Так мы перелистываем сборник «Боль». Но выписывать можно было бы из любого стихотворения. Любую строку. И всегда окажется: переданное поэтом больше, чем сказанное. Поэт и Бог неугасимы. Это сейчас произнесут многие. Но как согласиться, если и Бог и Поэт уже угасали в наших душах столько раз. Григорьев поправляет: Поэт и Бог (кстати, по-державински дерзко поставленные рядом!) неугасимы «в глубинах нашей веры бесприютной». И афоризм, помимо слов, но благодаря им, раздвигается до размеров неохватной правды. У Есенина:
Трясет стальная лихорадка.
Григорьев без слов досказывает историю последней избы. У него «Дом заламывает руки»… А в подтексте перекличка с самим собой: «…и в ворохе золы живет, Горит моя вина». И вот: без отсылки к Есенину трагическая связь времен восстановлена. «Сжигай слова, чтоб не остыл мотив». Здесь не просто парадоксально оживает пушкинский Пророк. Нет, намеком выражено то, о чем мы только что говорили: чтобы строка горела, нужно сжигать слова – ибо, по воле автора, сожженное слово, сохраняя себя, жертвует собой, и тем самым, обращаясь к человеческой душе, раздвигает свои чисто словесные, текстовые границы.

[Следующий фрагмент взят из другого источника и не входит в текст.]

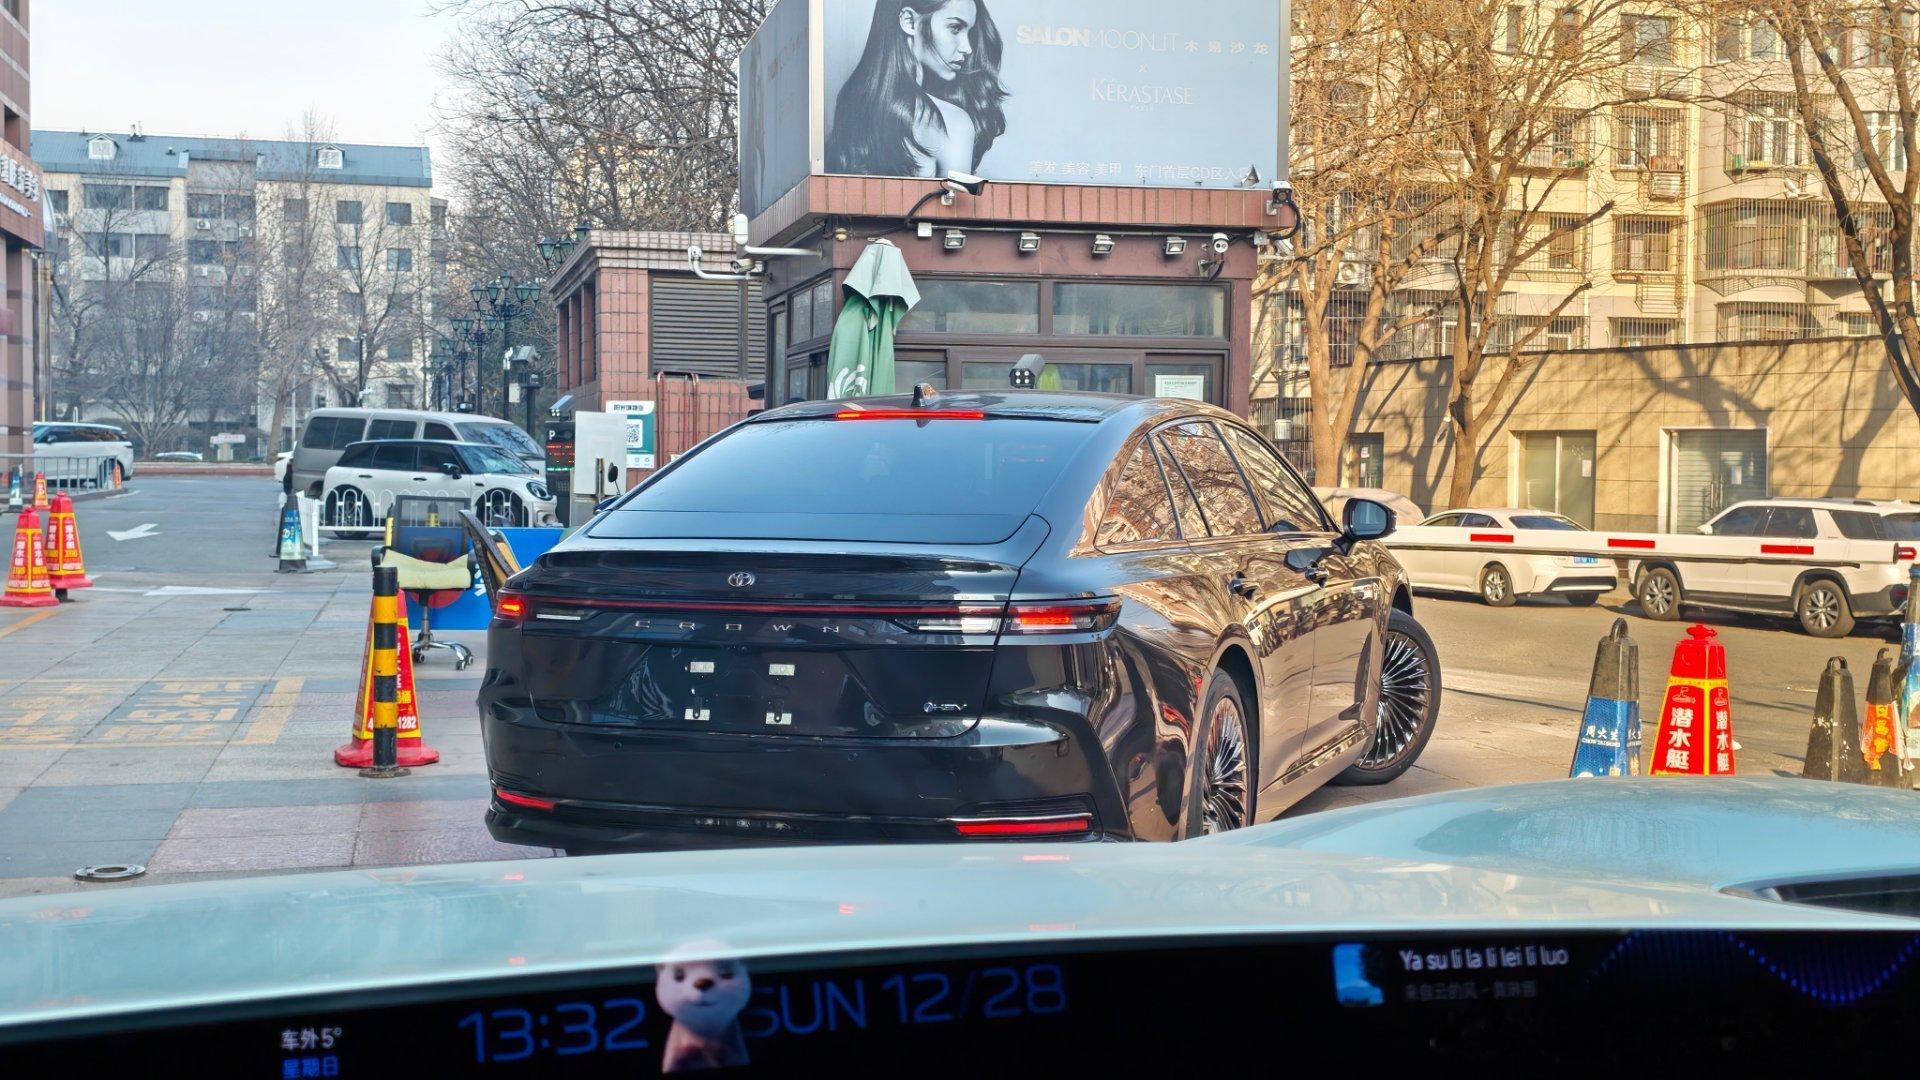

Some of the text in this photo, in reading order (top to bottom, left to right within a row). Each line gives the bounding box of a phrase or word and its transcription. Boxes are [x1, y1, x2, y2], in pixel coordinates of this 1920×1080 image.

[1016, 24, 1090, 48] SALON
[635, 620, 840, 633] CROWN
[1666, 706, 1694, 770] 潜水艇
[1715, 710, 1730, 772] 潜水艇
[1400, 950, 1424, 971] Ya
[1427, 953, 1448, 970] su
[1466, 949, 1482, 969] la
[1501, 947, 1522, 967] lei
[1541, 945, 1569, 966] luo
[458, 964, 1067, 1064] 13:32 SUN 12/28
[283, 1056, 339, 1080] 星期日

Схожую роль выполняет и ритмика Игоря Григорьева. Вначале кажется, что она во многих случаях чисто есенинская. С точки зрения идеологов от поэзии – зачем нужны подобные «повторы»? Но чудо ипостасности побеждает и здесь. Есенин не только явил, но и завещал нам свою интонационно-ритмическую неповторимость. Она, как и истинно русское слово, обрекает последователя на самобытность. Он не подражает, а учится у гения быть оригинальным. Так опыт Дениса Давыдова научал Пушкина. Так Кольцов и Некрасов подсказывали Есенину. И, с другой стороны, ритмика автора «Сорокоуста» получала в русской поэзии продолжение и новую жизнь.

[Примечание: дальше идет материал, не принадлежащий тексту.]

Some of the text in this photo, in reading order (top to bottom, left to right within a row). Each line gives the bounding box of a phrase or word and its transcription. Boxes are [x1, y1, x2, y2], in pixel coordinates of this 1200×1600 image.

Пора включить Григорьева в большой и разновременной контекст отечественной поэзии. Тогда выявится и обозначится его страница в этой нашей единой книге. Где каждый корневой лирик – ипостась другому. И где опыт дальних и недальних лет открывает возможность и реальность так востребованного сейчас русского духовного возрождения.